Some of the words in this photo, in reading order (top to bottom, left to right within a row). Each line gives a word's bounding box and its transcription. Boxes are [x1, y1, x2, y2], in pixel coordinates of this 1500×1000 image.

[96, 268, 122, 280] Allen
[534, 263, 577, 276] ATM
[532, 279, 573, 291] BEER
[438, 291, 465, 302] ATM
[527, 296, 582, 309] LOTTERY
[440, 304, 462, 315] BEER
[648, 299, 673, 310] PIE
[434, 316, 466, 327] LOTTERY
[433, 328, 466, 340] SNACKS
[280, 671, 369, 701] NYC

###

▶ [WHAT THE TASK REQUIRES]: Reproduce the data exactly. Keep every line intact.

▶ [SOLUTION]:
Some of the words in this photo, in reading order (top to bottom, left to right within a row). Each line gives a word's bounding box and its transcription. Boxes are [x1, y1, x2, y2], in pixel coordinates of this 1500×1000 image.

[96, 268, 122, 280] Allen
[534, 263, 577, 276] ATM
[532, 279, 573, 291] BEER
[438, 291, 465, 302] ATM
[527, 296, 582, 309] LOTTERY
[440, 304, 462, 315] BEER
[648, 299, 673, 310] PIE
[434, 316, 466, 327] LOTTERY
[433, 328, 466, 340] SNACKS
[280, 671, 369, 701] NYC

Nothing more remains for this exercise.